Nominated documentary short films are all winners

BIG subjects will come in small packages Friday when the American Cinematheque screens the four Academy Award-nominated documentary shorts. The powerful, densely informative films, ranging from 27 to 40 minutes, tell stories from Africa, Asia and the U.S.

The tragic end of a South African photojournalist is at the center of Dan Krauss' probing "The Death of Kevin Carter: Casualty of the Bang Bang Club." As part of a fearless alliance of journalists, Carter was a dashing figure who dodged bullets to chronicle the violence in the townships of Johannesburg in the years before apartheid ended.

Going abroad, he captured an iconic image of a starving Sudanese girl being stalked by a vulture. The photo, which ran in the New York Times, earned Carter a 1994 Pulitzer Prize but also drew criticism from those who saw it as exploitative. The unraveling of a man haunted by condemnation and years of photographing pain and death is effectively depicted by Krauss through interviews with Carter's family and colleagues.

Kimberlee Acquaro and Stacy Sherman went to Africa for the subject of their film, "God Sleeps in Rwanda." The film, narrated by Rosario Dawson, profiles five Rwandan women who survived the country's ethnic cleansing and found themselves in a world that had completely changed.

Their families murdered, themselves victims of rape, the women became part of a workforce that was now 70% female.

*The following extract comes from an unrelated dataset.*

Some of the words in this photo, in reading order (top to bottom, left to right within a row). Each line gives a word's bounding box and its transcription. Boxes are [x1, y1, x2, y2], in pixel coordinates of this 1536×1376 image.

The genocide that tore the country apart has had the strangely beneficial effect of empowering the women, providing employment opportunities and roles in government that never previously existed. In a society ravaged by AIDS and still reeling from violence, Acquaro and Sherman sound an inspiring note of hope and optimism.

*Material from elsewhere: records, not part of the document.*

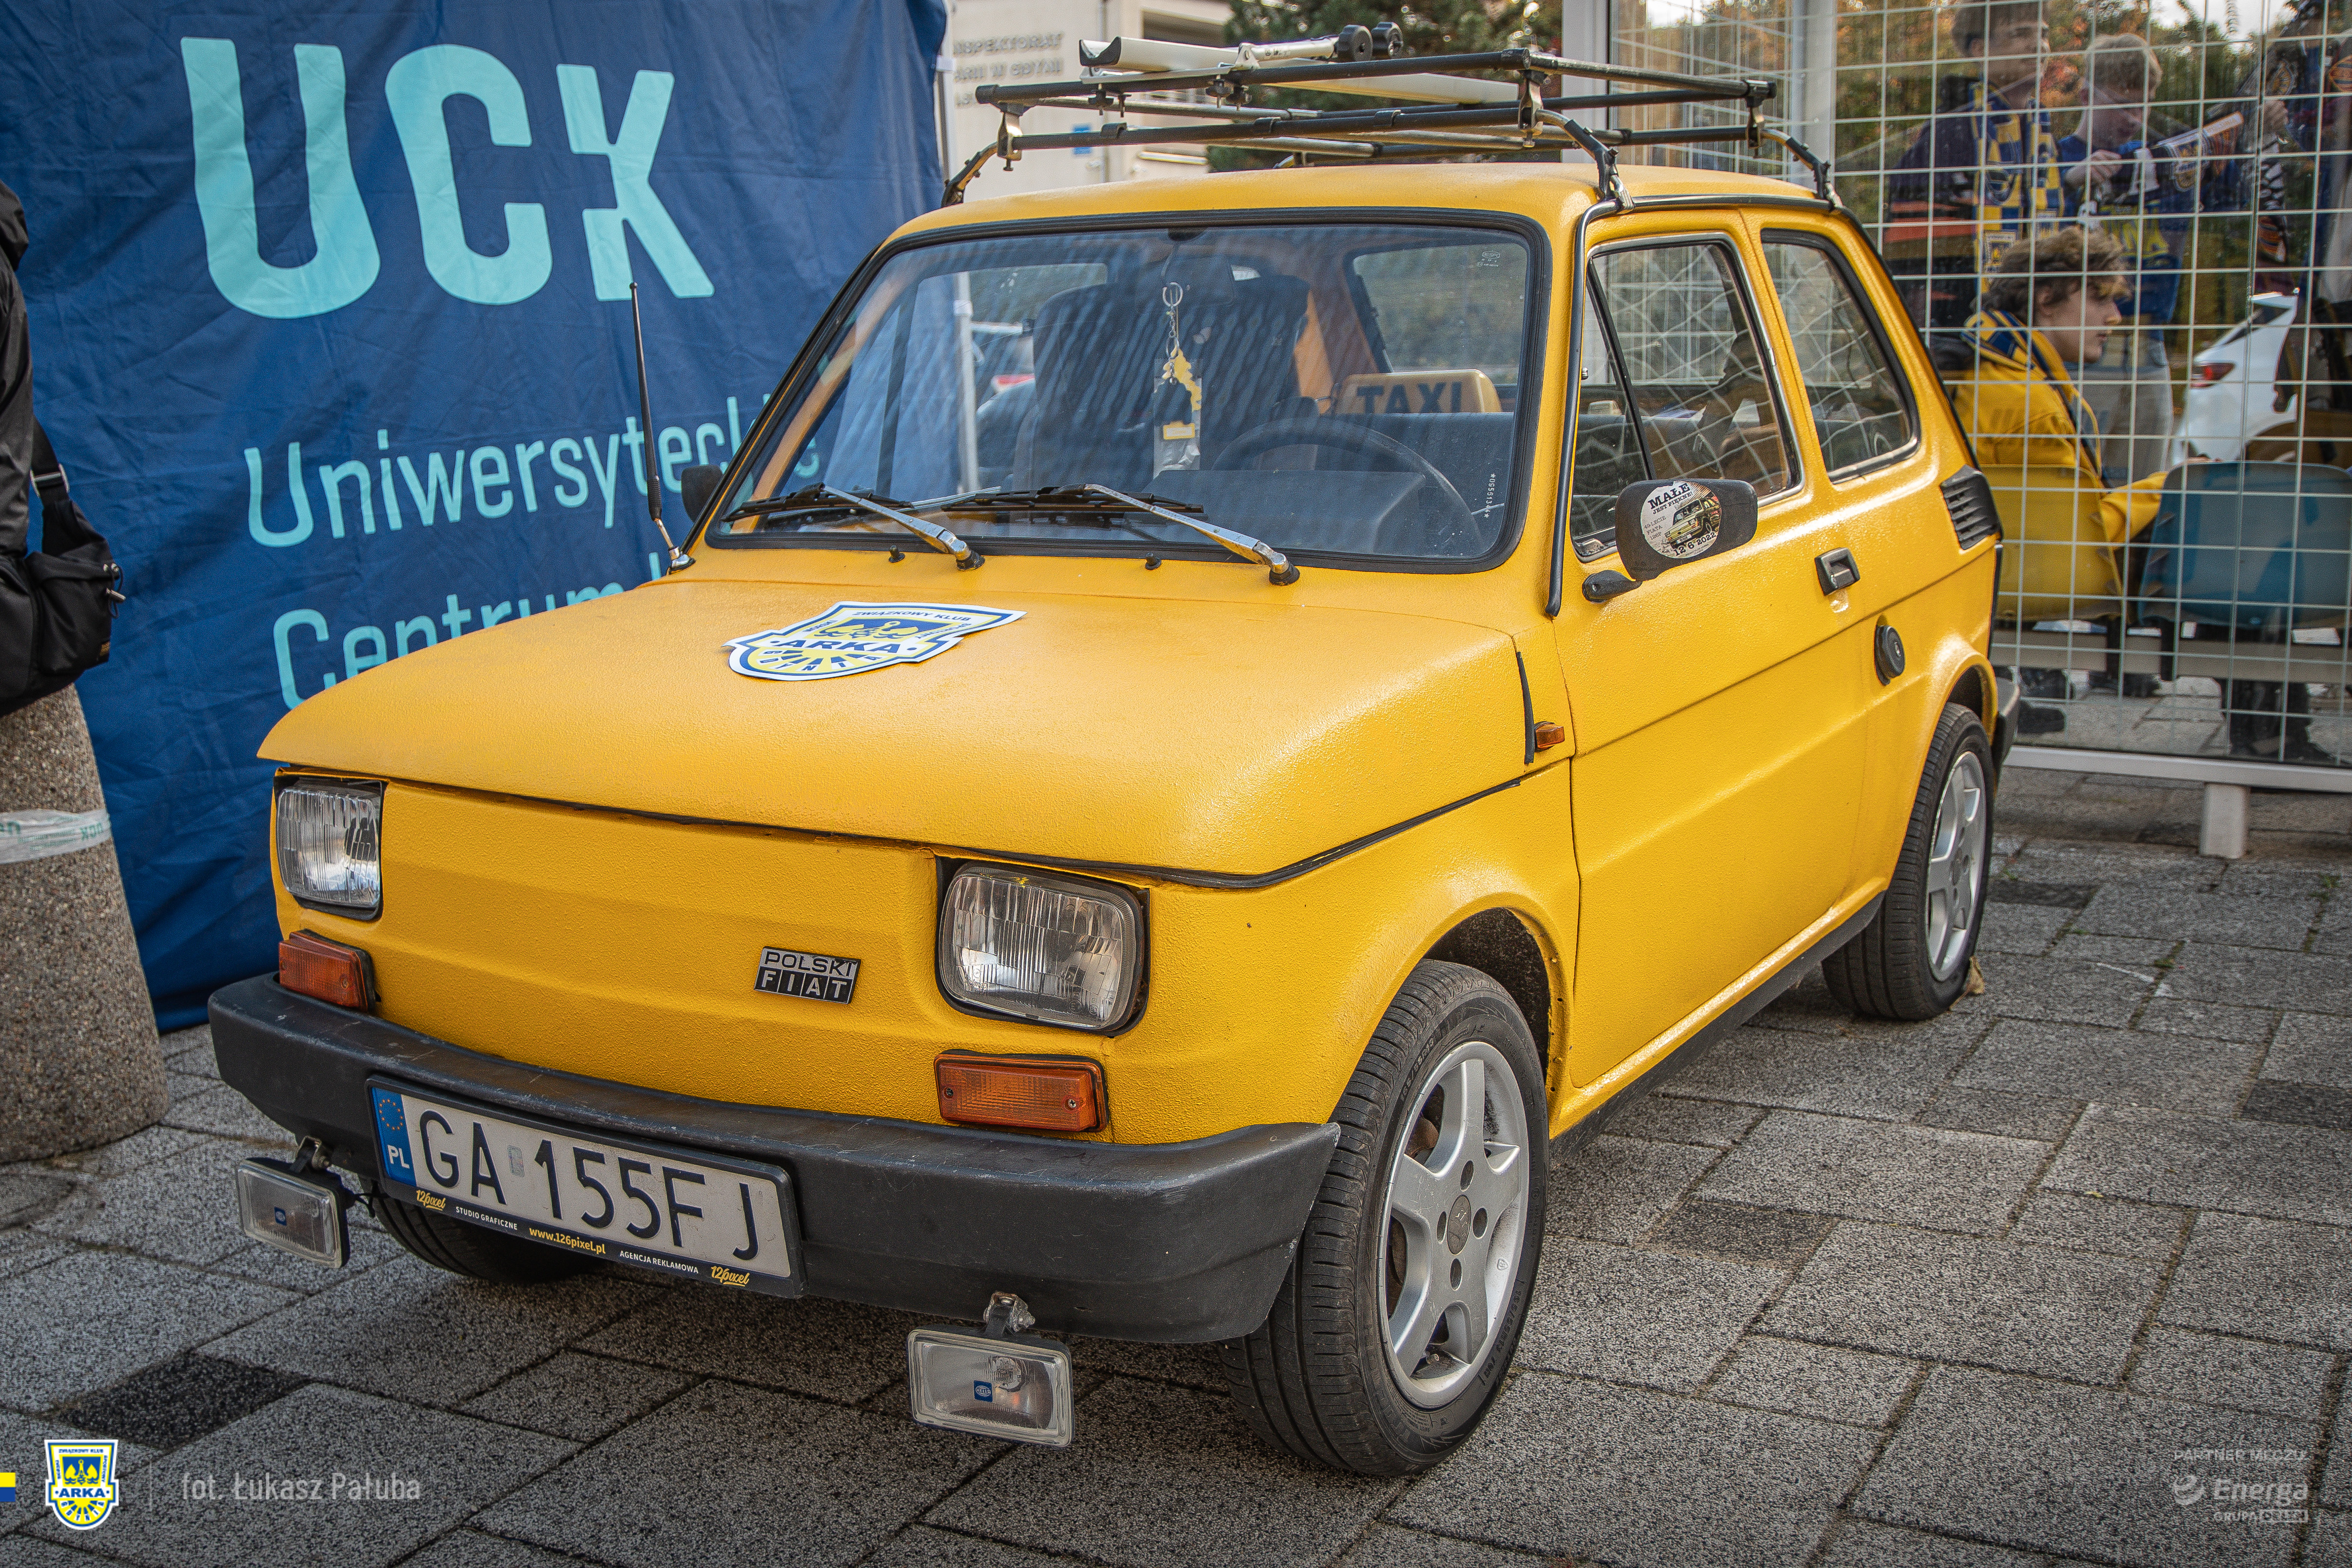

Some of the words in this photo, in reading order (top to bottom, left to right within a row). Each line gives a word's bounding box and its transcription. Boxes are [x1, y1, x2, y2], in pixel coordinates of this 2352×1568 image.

[180, 36, 715, 318] UCK
[1356, 382, 1462, 413] TAXI
[1647, 483, 1690, 509] MAŁE
[1653, 503, 1667, 515] JEST
[1673, 546, 1686, 556] 12
[1696, 532, 1716, 546] 2022
[773, 639, 902, 654] ARKA
[764, 951, 852, 977] POLSKI
[762, 970, 847, 999] FIAT
[387, 1144, 410, 1170] PL
[419, 1110, 508, 1206] GA
[455, 1206, 479, 1220] STUDIO
[480, 1213, 518, 1231] GRAFICZNE
[529, 1227, 606, 1254] www.126pixel.pl
[620, 1251, 652, 1265] AGENCJA
[652, 1257, 699, 1274] REKLAMOWA

The consequences from the atomic bomb that was dropped on Hiroshima, Japan, on Aug. 6, 1945, are documented in Steven Okazaki's "The Mushroom Club." In returning to the subject of his 1980 film, "Survivors," Okazaki balances history with contemporary issues, including a resurgence of Japanese nationalism and the ways men and women who survived the blast deal with their physical and emotional scars.

The moving film takes its title from a group formed by a journalist after World War II to benefit the "children of the bomb." Now in their 60s, many of them are mentally challenged, the effects of their mothers' exposure to radiation. Most poignantly, an elderly man wonders what will happen to his daughter, whose mental capacity is that of a 2-year-old, once he is gone.